Overall in his NBA career with the Cleveland Cavaliers (1972–75) and Golden State Warriors (1975–77), The 6 ft 8 in forward averaged 8.6 points and 5.9 rebounds in 340 career regular season games.

==Personal==
Davis currently lives in New Hampshire, with his wife Gayle. He is the father of four children.

Davis is the past chair, vice-chair and served on the board of directors for the National Basketball Retired Players Association (NBRPA) from 2014 – 2018.

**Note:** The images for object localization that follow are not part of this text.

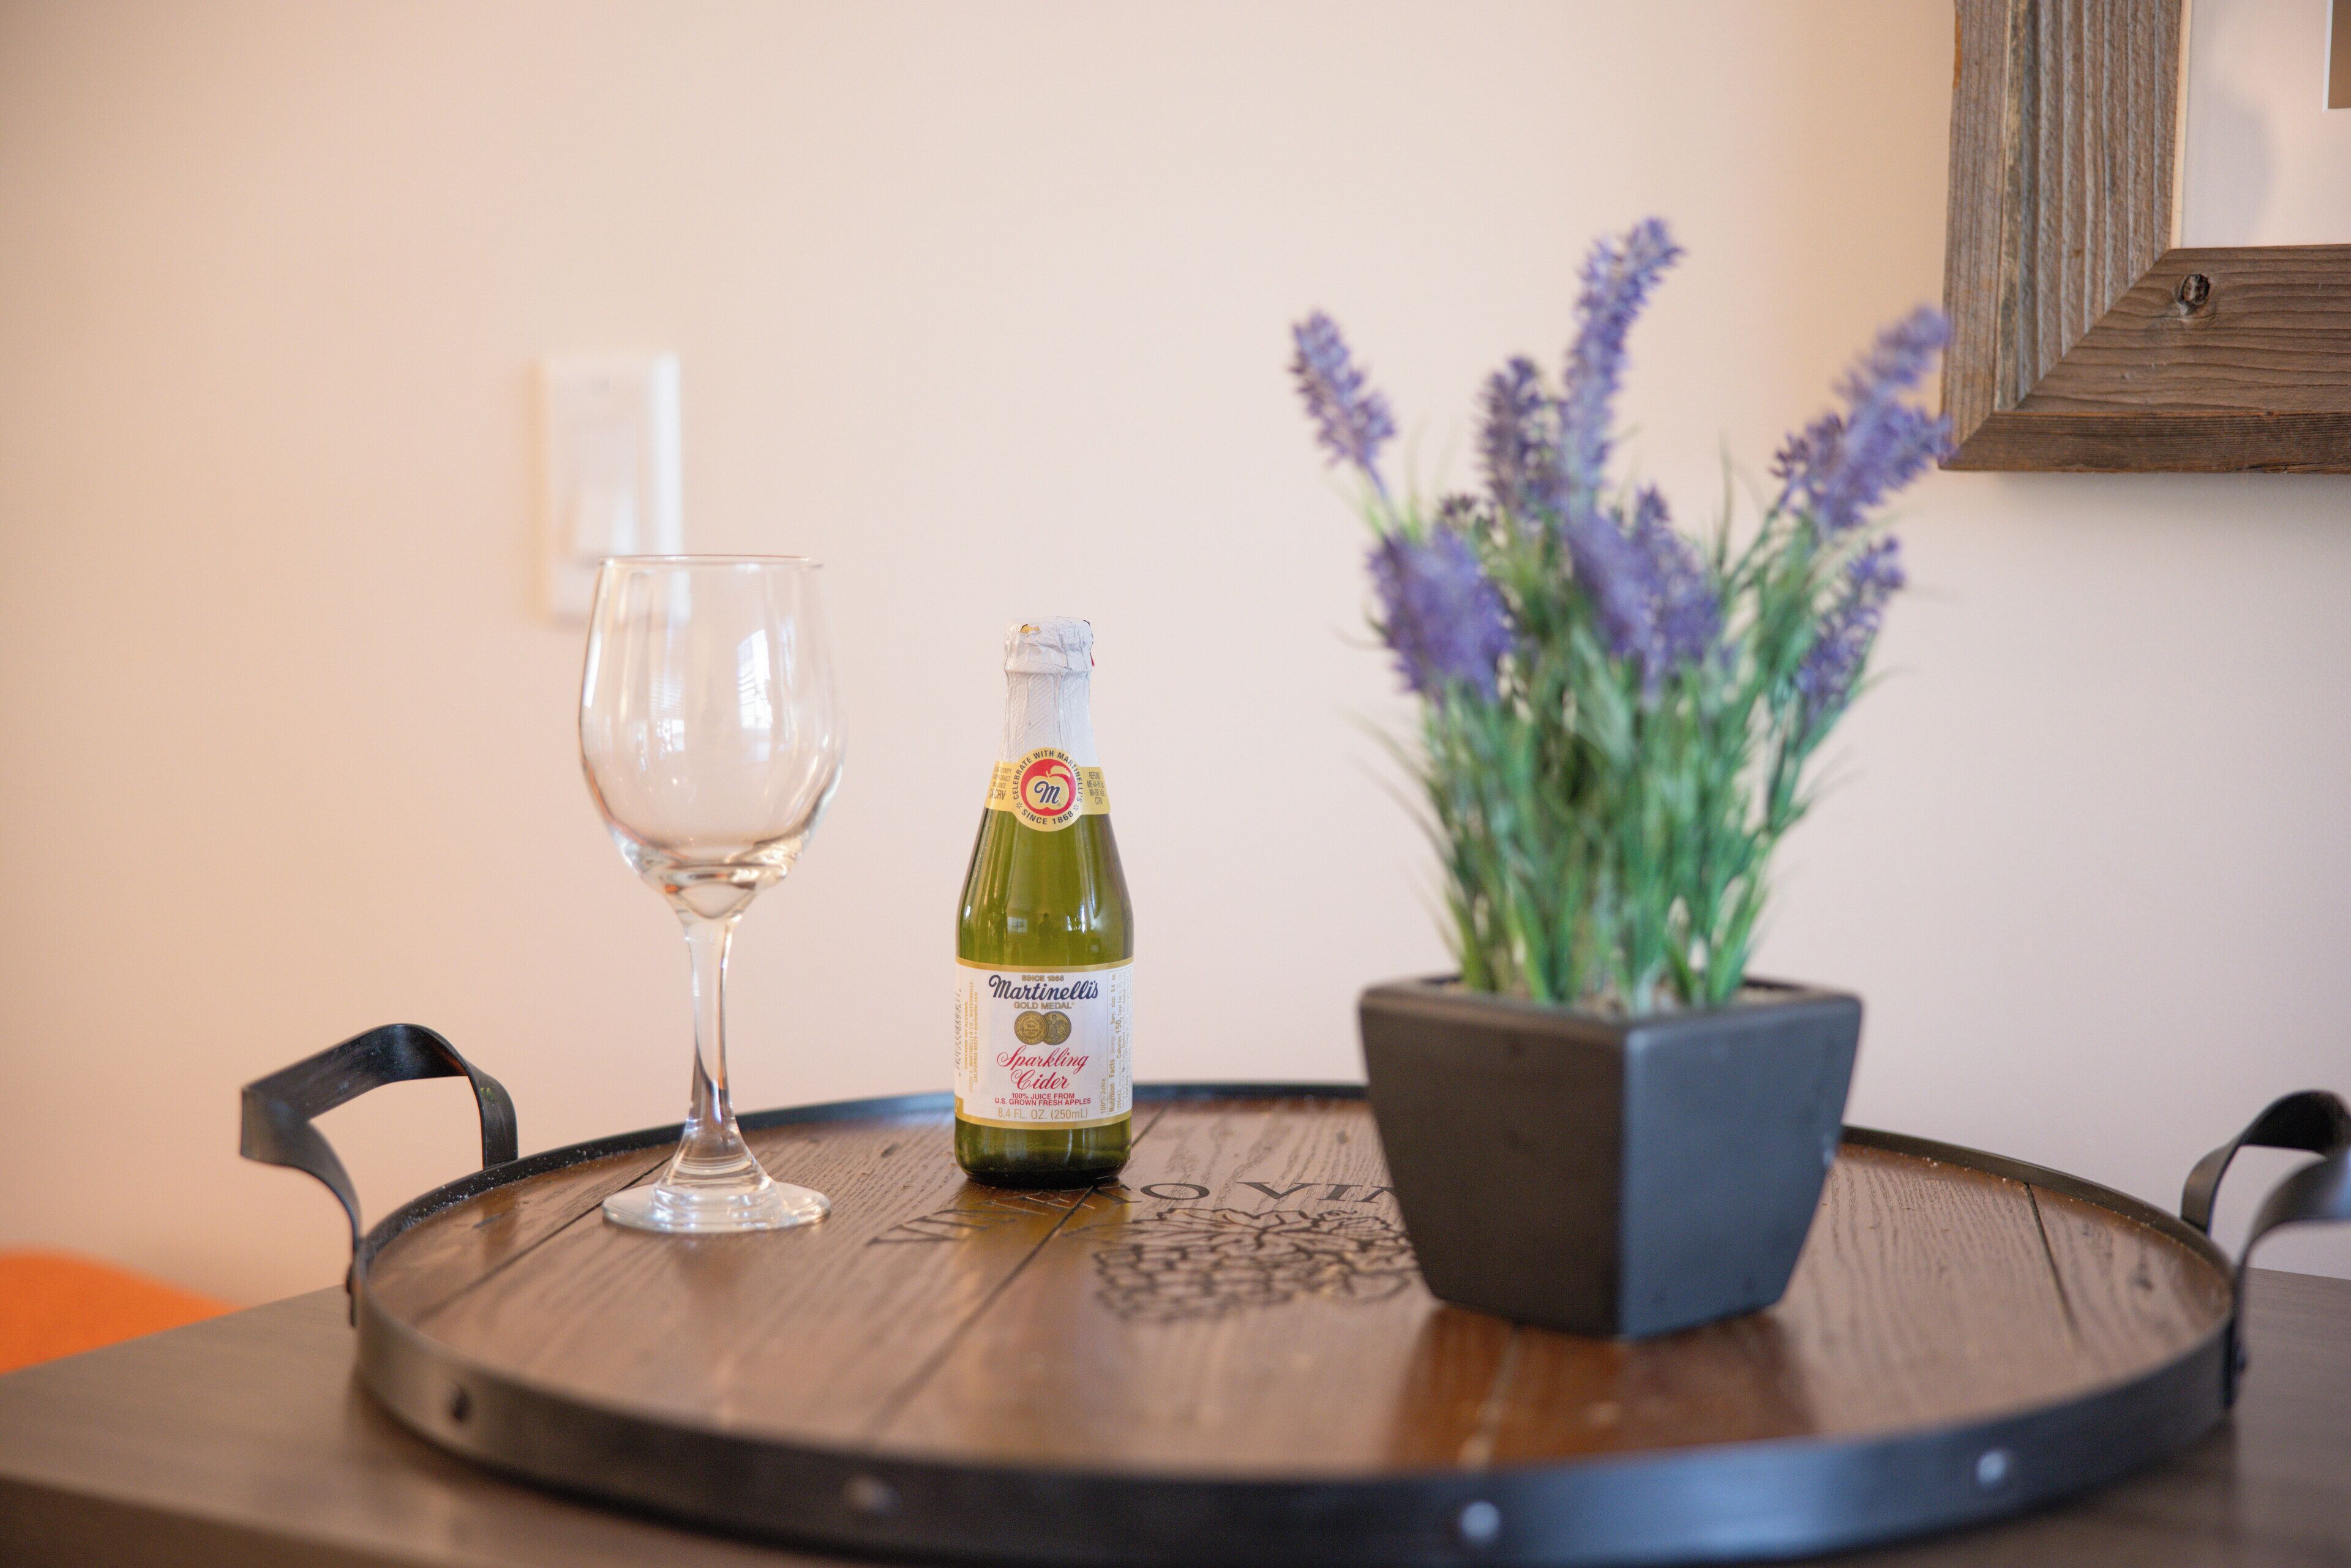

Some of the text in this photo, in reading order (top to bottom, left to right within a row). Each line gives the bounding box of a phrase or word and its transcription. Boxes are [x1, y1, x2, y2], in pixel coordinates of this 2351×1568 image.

[1013, 750, 1084, 803] CELEBRATE WITH MARTINELLI'S
[1022, 808, 1074, 825] SINCE 1868
[988, 974, 1098, 1000] Martinelli's
[964, 1029, 968, 1038] NO
[997, 1045, 1090, 1074] Sparkling
[1010, 1069, 1070, 1090] Cider
[997, 1108, 1089, 1120] 8.4 FL. OZ. (250mL)

In 2007, Davis was appointed by New Hampshire Governor John Lynch to the N.H. Workforce Youth Council, and in 2008 he became the chair. Davis has been reappointed to the WOIA board by Governors Hassan and Sununu. He served as a board member of the Greater Seacoast United Way, and is a current board member of Prospero Health and Cambridge Trust, and President of the Black Heritage Trail of New Hampshire.

==Career statistics==

===NBA===
Source

====Regular season====

| Year | Team | GP | MPG | FG% | FT% | RPG | APG | SPG | BPG | PPG |
|---|---|---|---|---|---|---|---|---|---|---|
| 1972–73 | Cleveland | 81 | 26.6 | .392 | .793 | 7.0 | 1.5 |  |  | 9.4 |
| 1973–74 | Cleveland | 76 | 32.6 | .436 | .719 | 8.5 | 2.4 | .8 | 1.0 | 12.5 |
| 1974–75 | Cleveland | 78 | 25.2 | .443 | .718 | 5.9 | 1.9 | .6 | .5 | 9.8 |
| 1975–76 | Golden State | 72 | 12.0 | .413 | .690 | 3.1 | .6 | .3 | .4 | 4.2 |
| 1976–77 | Golden State | 33 | 16.7 | .444 | .681 | 2.9 | .9 | .3 | .2 | 4.8 |
| Career |  | 340 | 23.6 | .423 | .730 | 5.9 | 1.6 | .5 | .6 | 8.6 |

====Playoffs====

| Year | Team | GP | MPG | FG% | FT% | RPG | APG | SPG | BPG | PPG |
|---|---|---|---|---|---|---|---|---|---|---|
| 1976 | Golden State | 11 | 12.9 | .432 | .818 | 2.5 | .9 | .3 | .4 | 4.5 |

==Honors==
- Davis was inducted into the "Hall of Honor" at the University of Houston in 2006, and the school retired his jersey number, 42, in 2026.